## EXERCISE INSTRUCTIONS
Please reproduce all of the data exactly as it appears, but skip the pictures.

*** Opening of GIVEN RECORDS ***

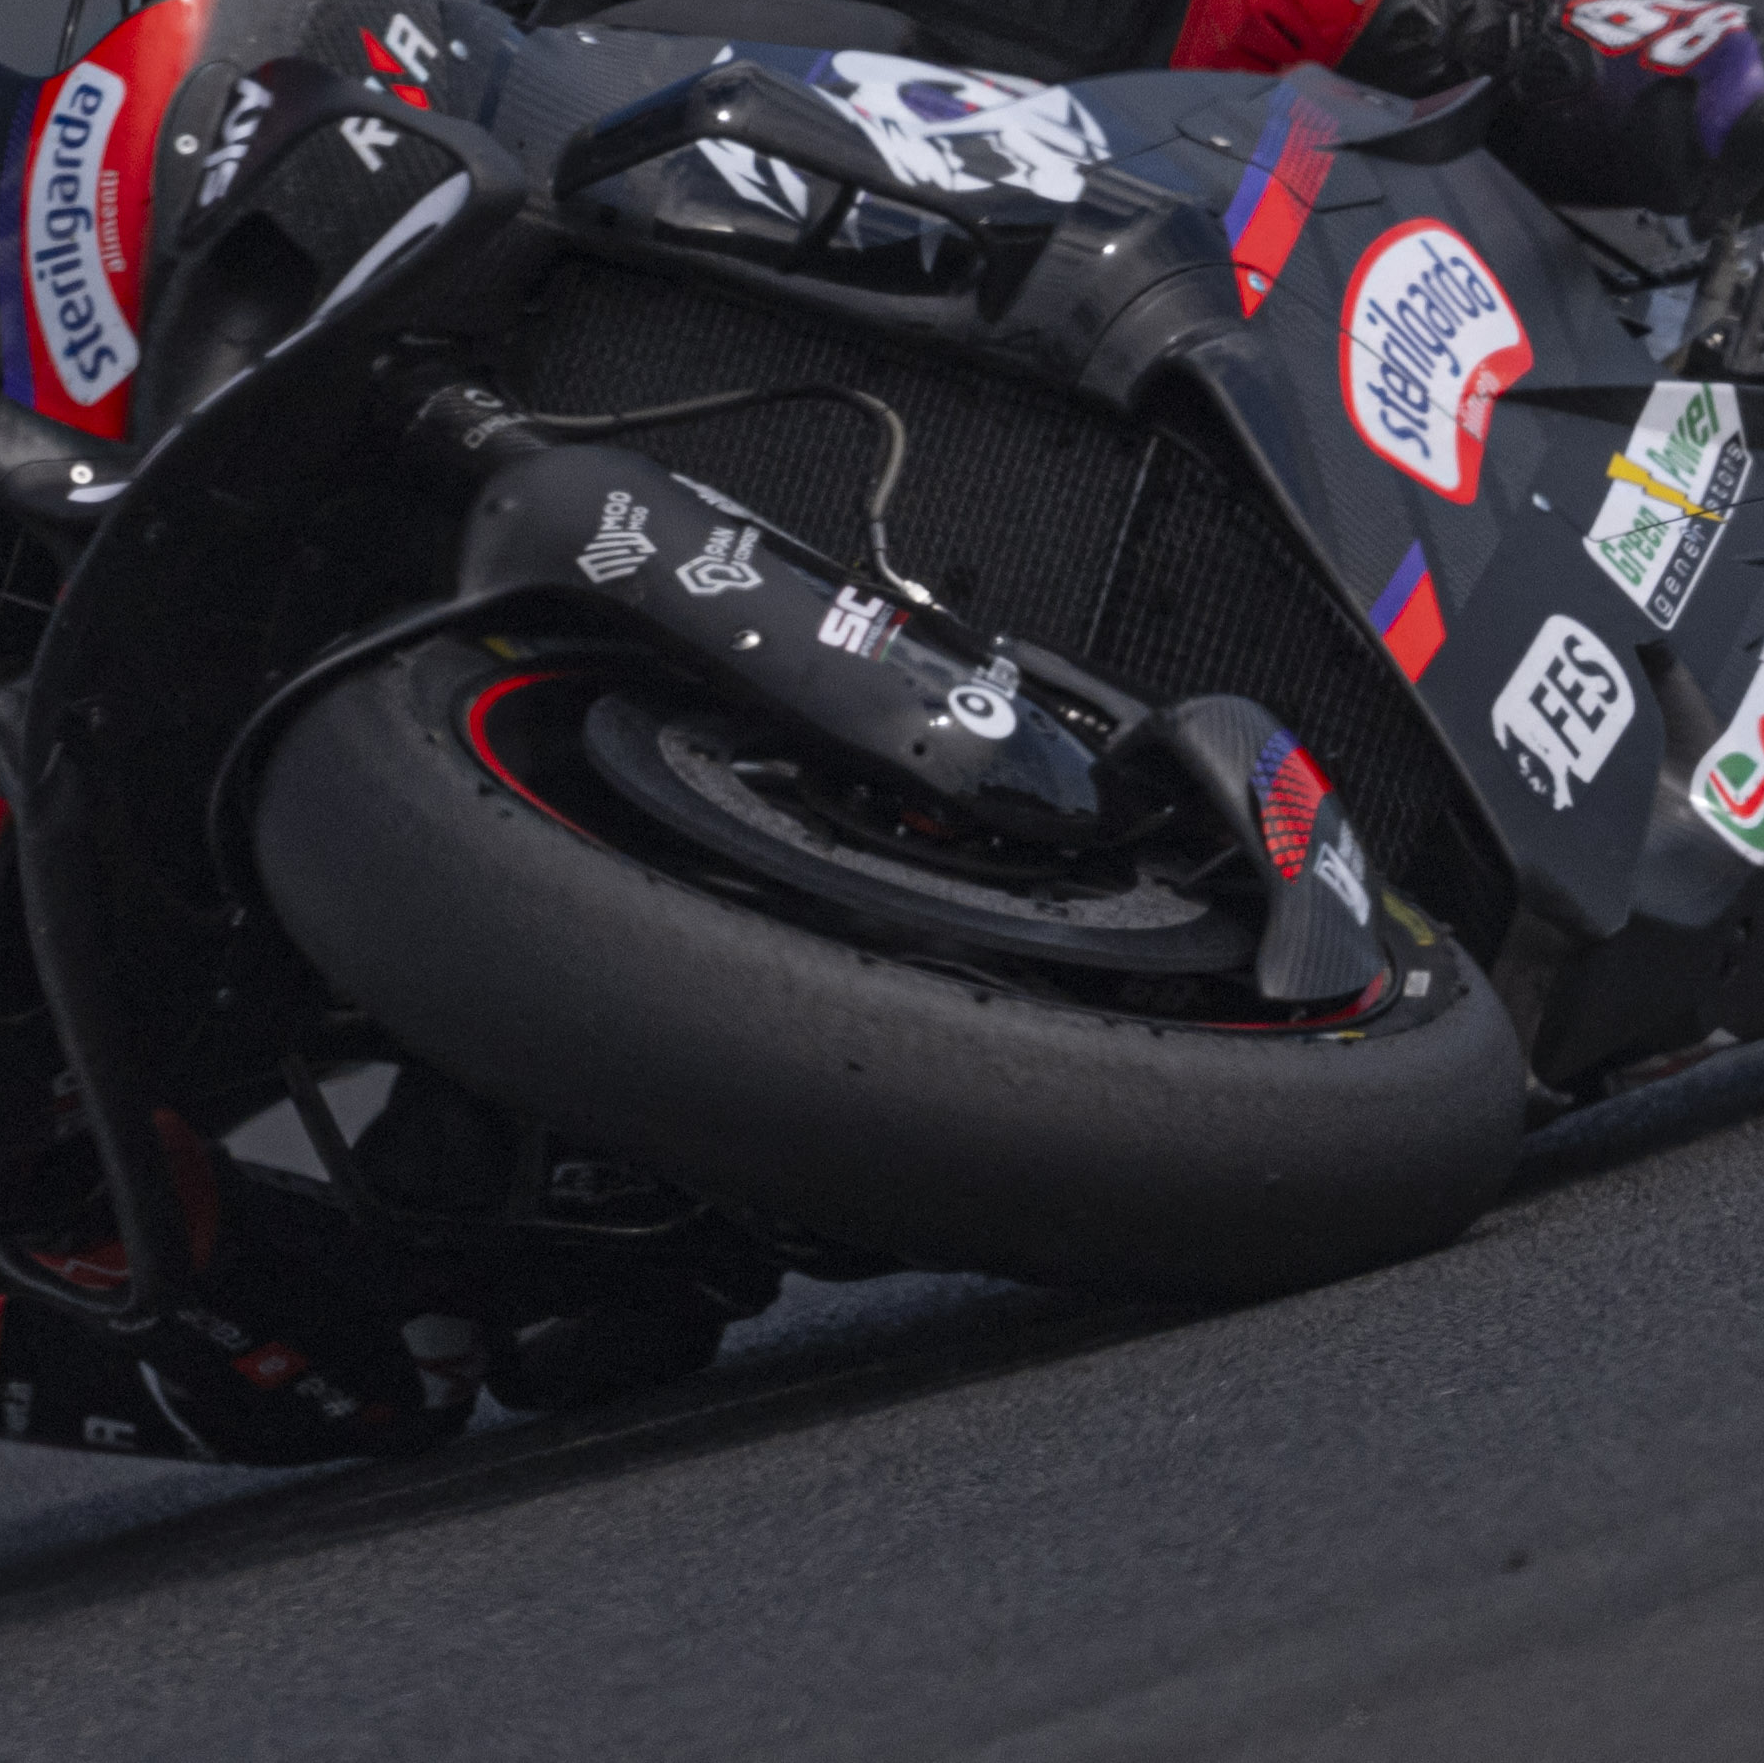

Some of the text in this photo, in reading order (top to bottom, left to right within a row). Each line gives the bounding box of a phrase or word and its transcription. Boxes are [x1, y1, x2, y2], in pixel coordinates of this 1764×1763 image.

[35, 83, 118, 382] sterilgarda
[1366, 239, 1497, 458] sterilgarda
[817, 584, 887, 654] SC
[1599, 504, 1669, 587] Green
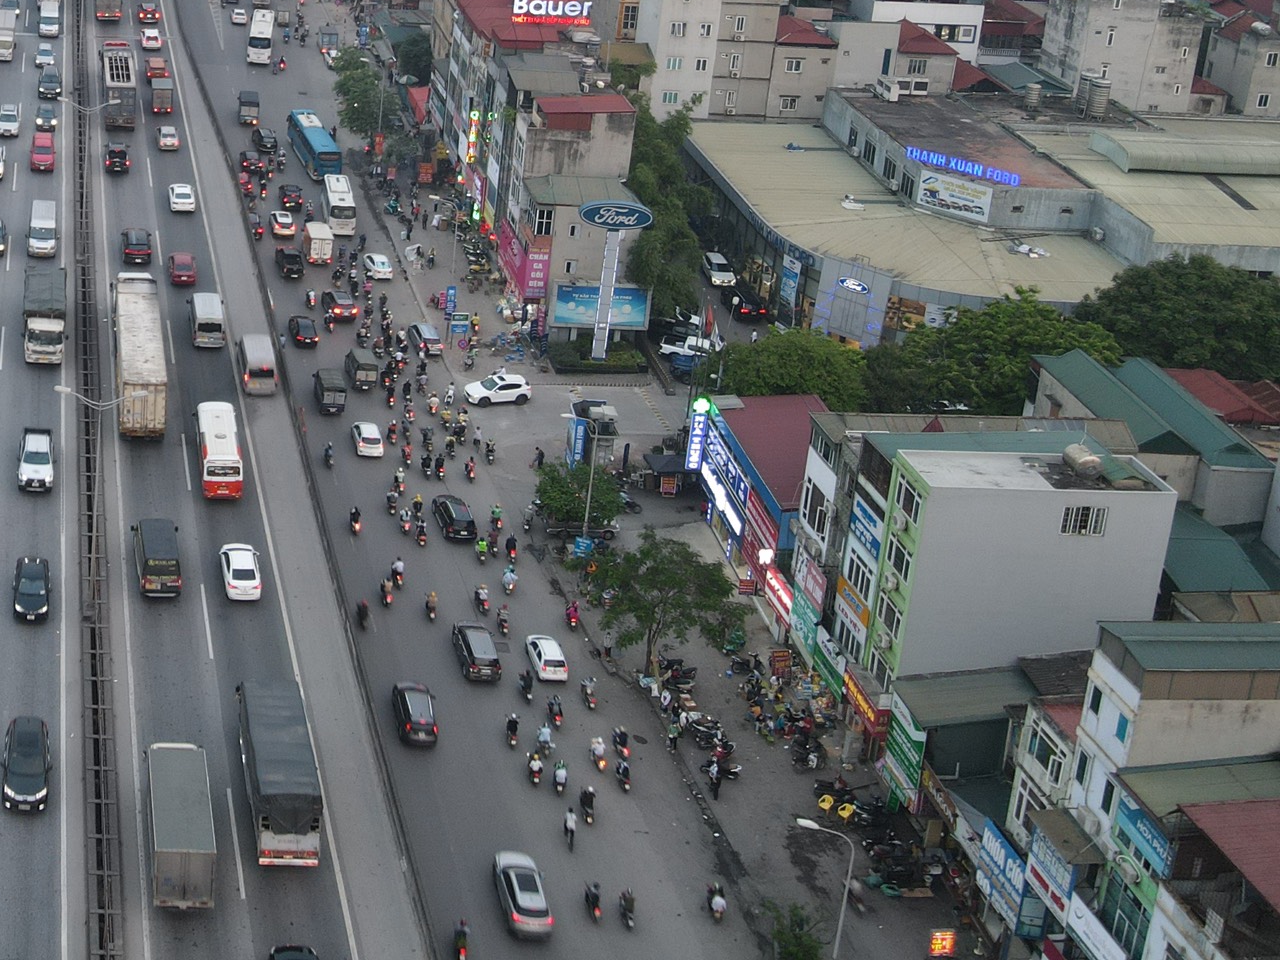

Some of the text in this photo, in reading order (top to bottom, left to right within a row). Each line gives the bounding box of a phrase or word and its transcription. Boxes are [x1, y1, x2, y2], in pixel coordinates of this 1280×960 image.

[906, 146, 1020, 187] THANH XUAN FORD
[594, 206, 639, 226] Ford
[787, 242, 816, 267] FORD
[981, 827, 1006, 871] KHÓA
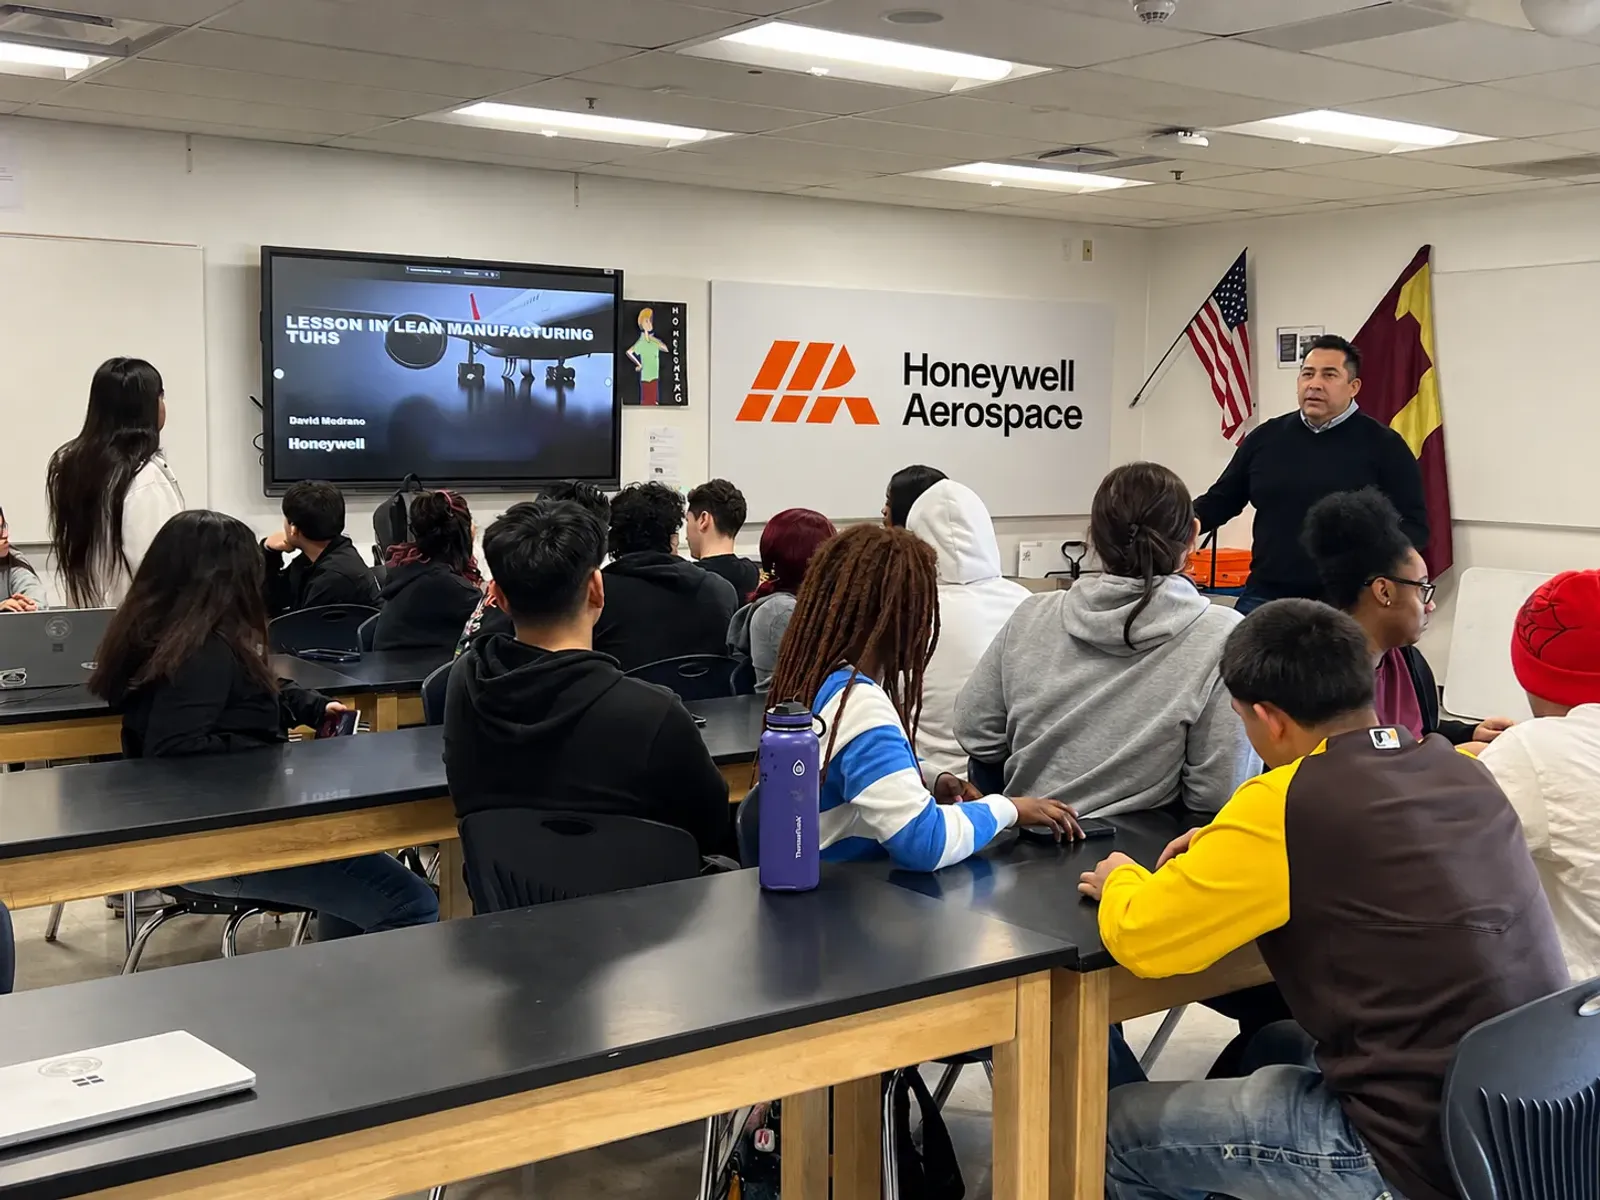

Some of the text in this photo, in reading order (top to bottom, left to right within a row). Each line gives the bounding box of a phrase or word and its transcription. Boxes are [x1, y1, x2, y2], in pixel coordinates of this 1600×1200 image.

[285, 330, 340, 345] TUHS
[286, 315, 594, 341] LESSON IN LEAN MANUFACTURING
[904, 352, 1075, 398] Honeywell
[289, 416, 366, 426] David Medrano
[902, 393, 1083, 437] Aerospace
[288, 437, 365, 452] Honeywell
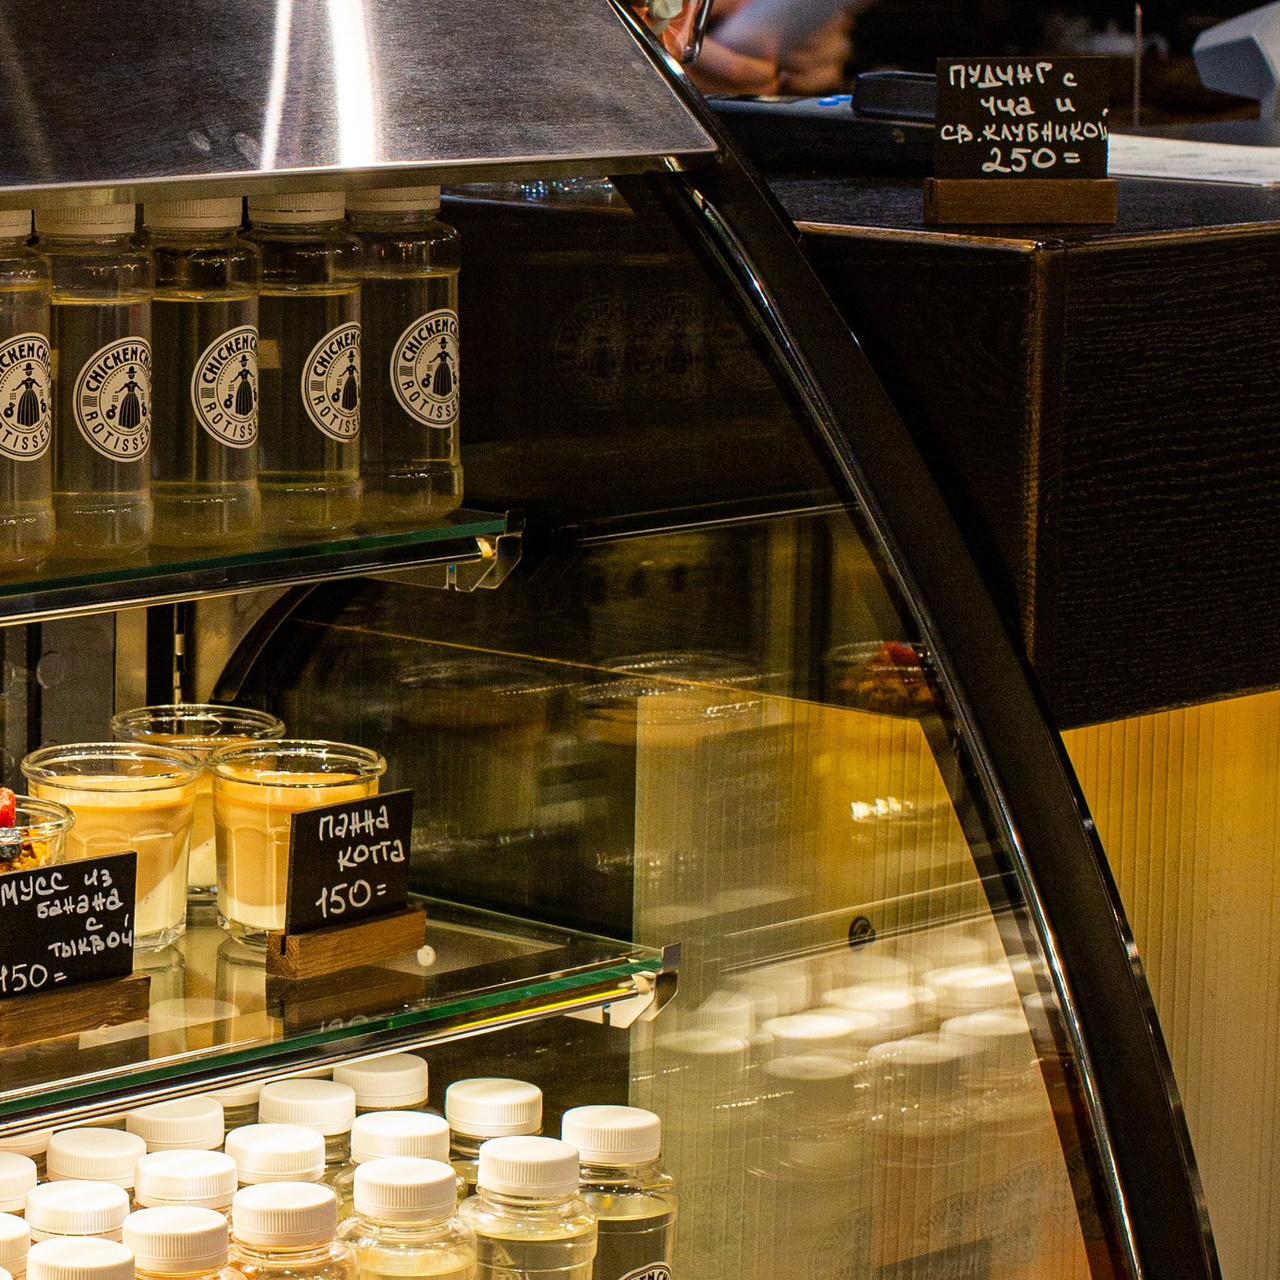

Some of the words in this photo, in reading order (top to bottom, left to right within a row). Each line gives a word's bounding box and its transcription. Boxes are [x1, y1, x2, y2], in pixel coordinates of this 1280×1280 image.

[203, 337, 248, 382] CHICKEN
[314, 331, 357, 377] CHICKEN
[406, 318, 449, 363] CHICKEN
[86, 347, 138, 391] CHICKEN

*** Close of GIVEN RECORDS ***

## ANSWER TO THIS TASK
Some of the text in this photo, in reading order (top to bottom, left to right within a row). Each line gives the bounding box of a phrase or word and its transcription. Boxes are [x1, y1, x2, y2], in pixel coordinates of this 1764×1763 image.

[35, 83, 118, 382] sterilgarda
[1366, 239, 1497, 458] sterilgarda
[817, 584, 887, 654] SC
[1599, 504, 1669, 587] Green

Some of the text in this photo, in reading order (top to bottom, left to right within a row). Each line gives the bounding box of a phrase or word and its transcription. Boxes are [x1, y1, x2, y2], in pixel coordinates of this 1280×960 image.

[906, 146, 1020, 187] THANH XUAN FORD
[594, 206, 639, 226] Ford
[787, 242, 816, 267] FORD
[981, 827, 1006, 871] KHÓA

Some of the text in this photo, in reading order (top to bottom, left to right within a row). Each line gives the bounding box of a phrase or word and its transcription. Boxes are [x1, y1, x2, y2], in pixel coordinates of this 1600×1200 image.

[285, 330, 340, 345] TUHS
[286, 315, 594, 341] LESSON IN LEAN MANUFACTURING
[904, 352, 1075, 398] Honeywell
[289, 416, 366, 426] David Medrano
[902, 393, 1083, 437] Aerospace
[288, 437, 365, 452] Honeywell

Some of the words in this photo, in reading order (top to bottom, left to right within a row). Each line gives a word's bounding box and its transcription. Boxes are [x1, y1, x2, y2], in pixel coordinates of this 1280×1280 image.

[203, 337, 248, 382] CHICKEN
[314, 331, 357, 377] CHICKEN
[406, 318, 449, 363] CHICKEN
[86, 347, 138, 391] CHICKEN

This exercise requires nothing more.